Friday, August 31, 2012

Limitations of financial ratio analysis


I'm a big fan of ratio analysis for small business owners. I do not have to inspire CFOs of large companies and auditors to perform analysis of the relationship, because it is their daily bread, but I find that many owners of small businesses have not yet received the appreciation of what we can do for their financial ratios.

But as ratio analysis can help you, it can also mislead, so I thought it would be good to explore the limits of today's financial ratio analysis.

Analysis of the relationship can be just as good as the underlying data
The reports are absolutely wonderful. It reduces a complex set of numbers and relationships for a simple, 1 or 2 digit number that tells you volumes! But be careful ... And if those complexes, the underlying data are not accurate? Many important decisions because a relationship is changed by 1 or 2 percentage points. Given that, the better your accountant to make really sure that the calculation can be invoked.

In small things as the business environment reconciled trial balance (yes, not only bank accounts!) And monthly budget review can not be taken for granted. Many small businesses do not have adequate accounting systems in place or have any competent accounting personnel that the monthly financial results are not only available, but in fact accurate.

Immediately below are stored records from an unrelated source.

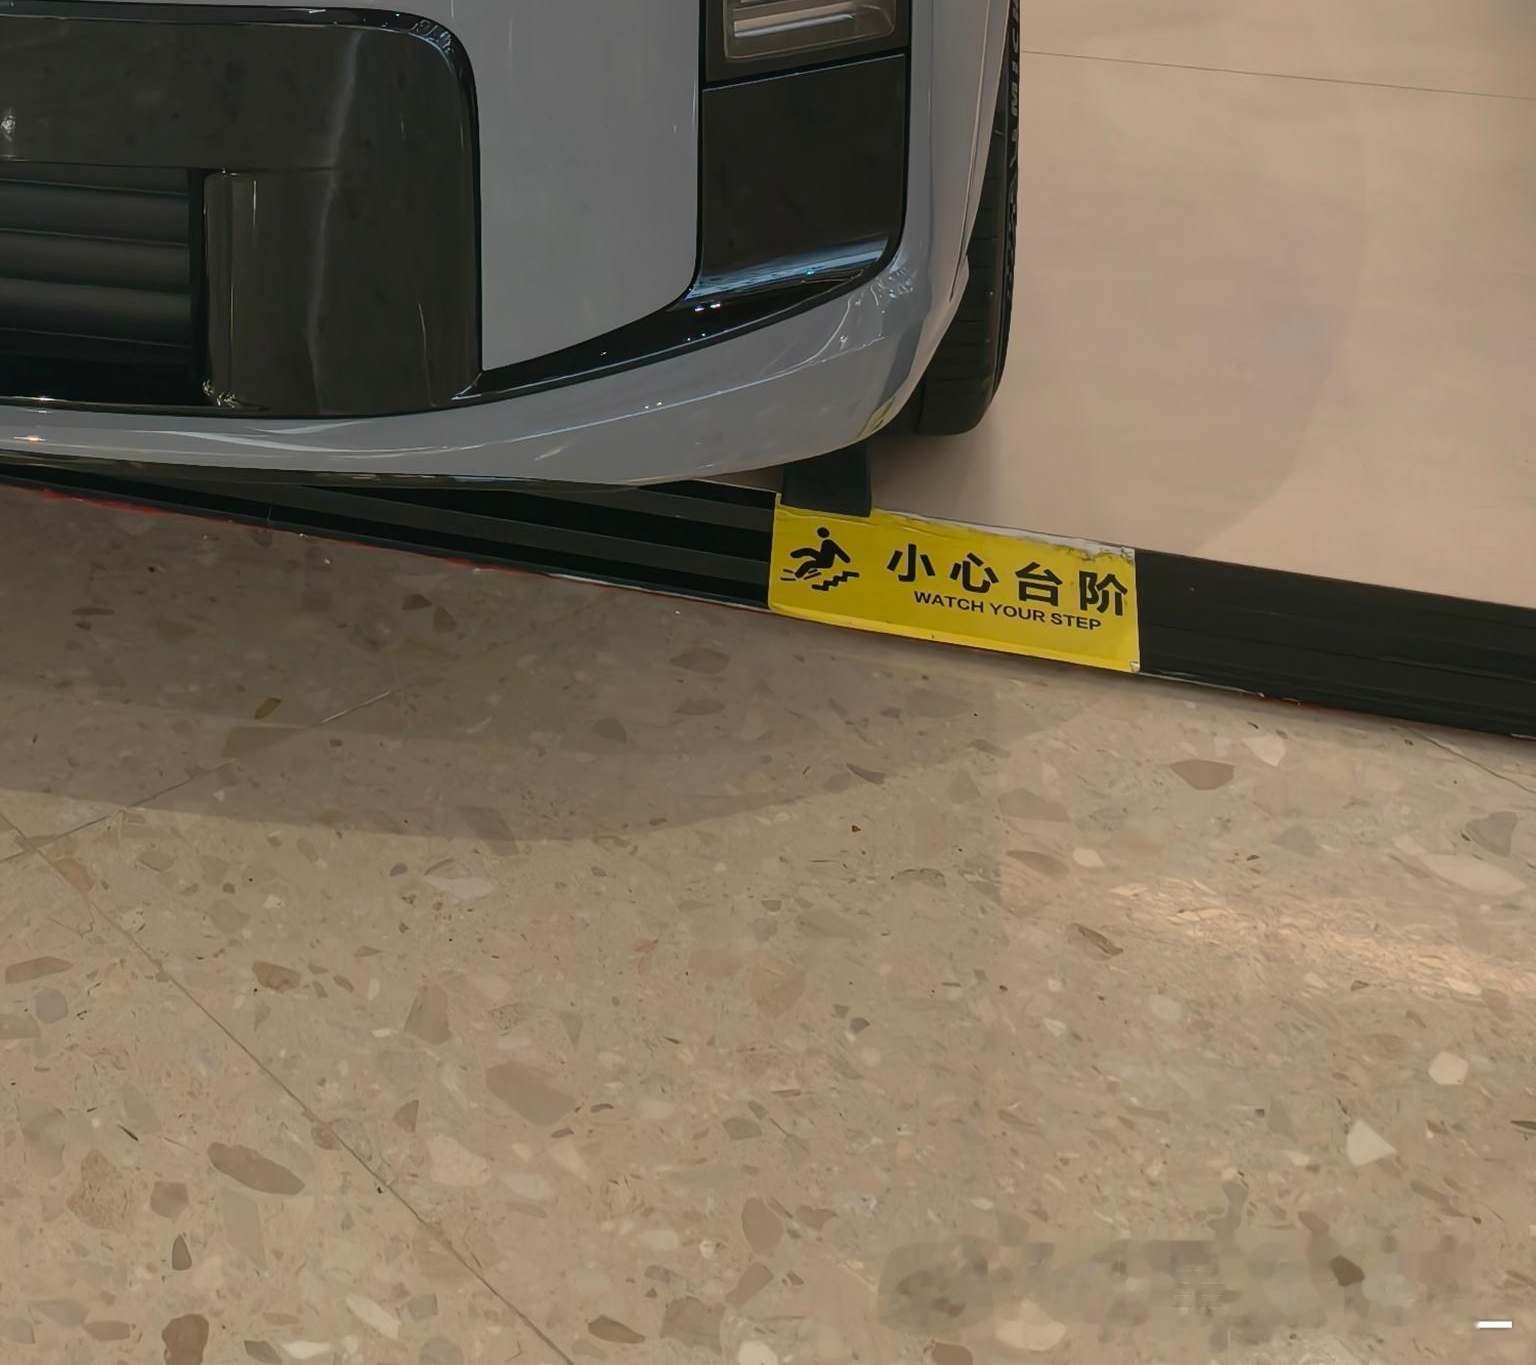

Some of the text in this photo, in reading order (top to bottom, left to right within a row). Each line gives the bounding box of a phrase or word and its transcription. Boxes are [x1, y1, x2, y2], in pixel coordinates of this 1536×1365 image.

[886, 543, 1129, 616] 小心台阶
[914, 590, 1103, 631] WATCH YOUR STEP
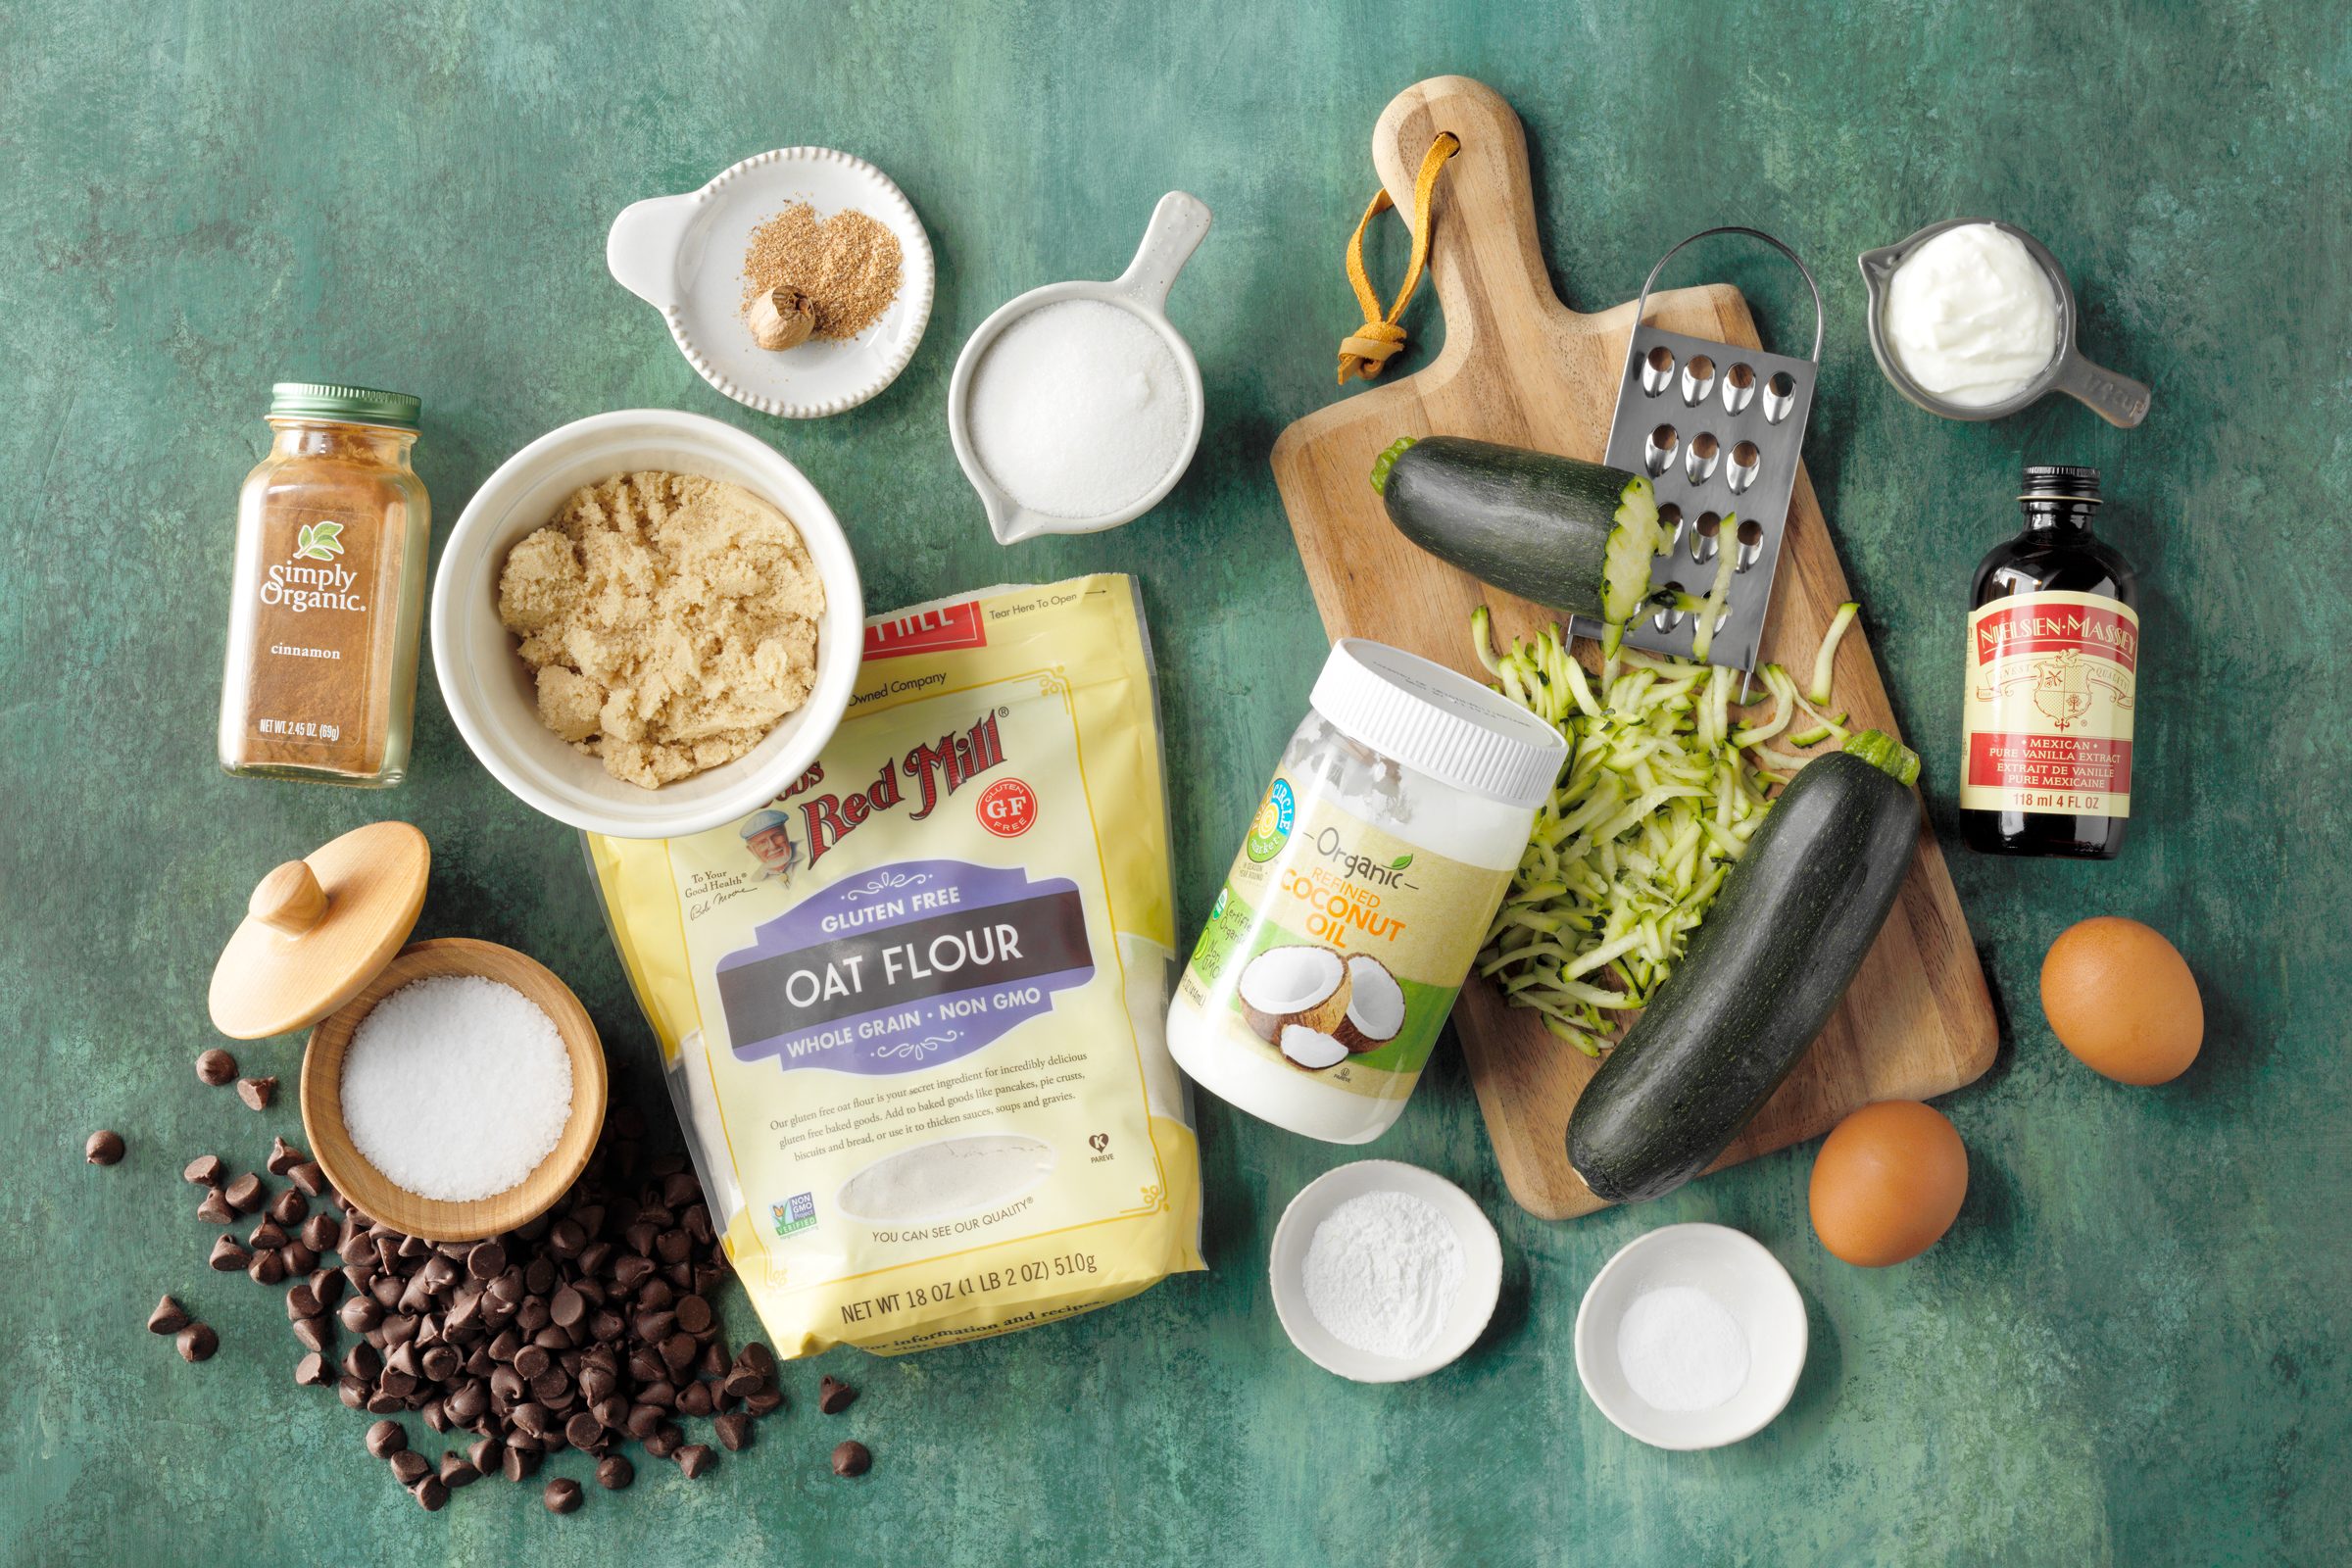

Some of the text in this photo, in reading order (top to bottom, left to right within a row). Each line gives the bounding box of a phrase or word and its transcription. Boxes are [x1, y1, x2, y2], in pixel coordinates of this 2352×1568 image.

[269, 560, 358, 593] Simply
[989, 594, 1077, 620] Tear Here To Open
[270, 642, 340, 660] cinnamon
[891, 672, 947, 693] Company
[260, 718, 273, 733] NET
[288, 721, 305, 736] 2.45
[319, 723, 340, 742] (69g)
[1989, 748, 2121, 763] PURE VANILLA EXTRACT
[2030, 738, 2090, 750] MEXICAN
[1996, 762, 2115, 778] EXTRAIT DE VANILLE
[2008, 774, 2105, 788] PURE MEXICAINE
[985, 783, 1025, 803] GLUTEN
[2014, 793, 2099, 809] 118 ml 4 FL OZ
[798, 757, 906, 870] Red
[987, 796, 1027, 819] GF
[1272, 783, 1293, 830] CIRCLE
[993, 816, 1027, 832] FREE
[1250, 837, 1279, 855] market
[1316, 826, 1404, 890] Organic
[691, 870, 727, 884] To Your
[1312, 866, 1381, 908] REFINED
[684, 883, 709, 899] Good
[820, 886, 961, 933] GLUTEN FREE
[1226, 900, 1252, 931] Certifie
[1280, 867, 1406, 942] COCONUT
[1305, 911, 1348, 949] OIL
[1208, 939, 1221, 961] Non
[785, 923, 1024, 1008] OAT FLOUR
[1201, 954, 1221, 979] GMO
[786, 987, 1041, 1058] WHOLE GRAIN NON GMO
[769, 1053, 1088, 1131] Our gluten free oat flour is your secret ingredient for incredibly delicious
[779, 1135, 806, 1150] gluten
[808, 1128, 824, 1140] free
[825, 1119, 852, 1134] baked
[854, 1112, 883, 1129] goods.
[885, 1106, 906, 1120] Add
[906, 1103, 916, 1114] to
[917, 1097, 946, 1111] baked
[948, 1092, 974, 1107] goods
[976, 1087, 993, 1099] like
[995, 1079, 1038, 1097] pancakes,
[1040, 1076, 1054, 1089] pie
[794, 1091, 1076, 1162] biscuits and bread, or use it to thicken sauces, soups and gravies.
[1090, 1152, 1114, 1164] PAREVE
[791, 1194, 810, 1206] NON
[793, 1201, 812, 1213] GMO
[778, 1216, 815, 1235] VERIFIED
[872, 1231, 899, 1243] YOU
[902, 1229, 929, 1243] CAN
[932, 1225, 952, 1239] SEE
[955, 1218, 980, 1234] OUR
[841, 1251, 1098, 1325] NET WT 18 OZ (1 LB 2 OZ) 510g
[893, 1323, 999, 1347] information
[1003, 1311, 1036, 1326] and

Calculating any reports based on questionable data and a set of unreconciled books can be very dangerous. So, before any analysis is attempted, the records must be brought up to par.

Comparison report can only be meaningful if the data are truly comparable
It 's a challenge to achieve comparability between different companies, even in the same field. Depreciation methods, different methods of inventory valuation methods, different policy regarding the capitalization of certain expenses make it very difficult to arrive at a budget that can be compared in a meaningful way.

But the comparison of different periods within the same company can get difficult. I have seen many small businesses with a high turnover of accounting / financial position and my review of general ledger often revealed that there was no consistency in how many different operations have been sent by those people. This would make the comparison less valuable than it might otherwise be. This brings us back to the first point - the documents must be not only accurate, but consistent.

Analysis of the report reflects only what is in the budget
Obviously, financial reports reflect only what is contained in financial reports of companies. And the same value as that may be, does not capture many factors that can have a profound impact on business and yet can not be quantified or expressed in accounting terms.

I remember acting like a part-time control for an insurance company that has just been purchased by an international player. The president was given a certain relationship as a target for its costs of the accounting department salary. Based on this relationship, one person could not add to his personal accounts. Conversely, to achieve the goal, he should leave some people go first.

But this does not take into account the particular situation the company was in for historical reasons, the staff had very low qualifications, the systems were old and the only way out was to bring a strong full-time controller or CFO to reorganize department. The report does not allow such a target. But it was the best thing to do in those circumstances. Intelligent guidance recognizes these limitations and relationships to take business decisions right anyway.

Other factors not included in the budget may be technological developments, actions of competitors, governmental actions, etc. All elements with potential business impact should be assessed when making important decisions, not only financial ratios.

Still, financial ratio analysis is a key component of these decisions and I dare say that a society that does not make use of this information is at a disadvantage .......

2 comments:

  1. Financial ratio analysis is an important building block for value investing. Financial ratio plays important role for the growth of the organizations. Thanks for your great inputs on Limitations of financial ratio analysis.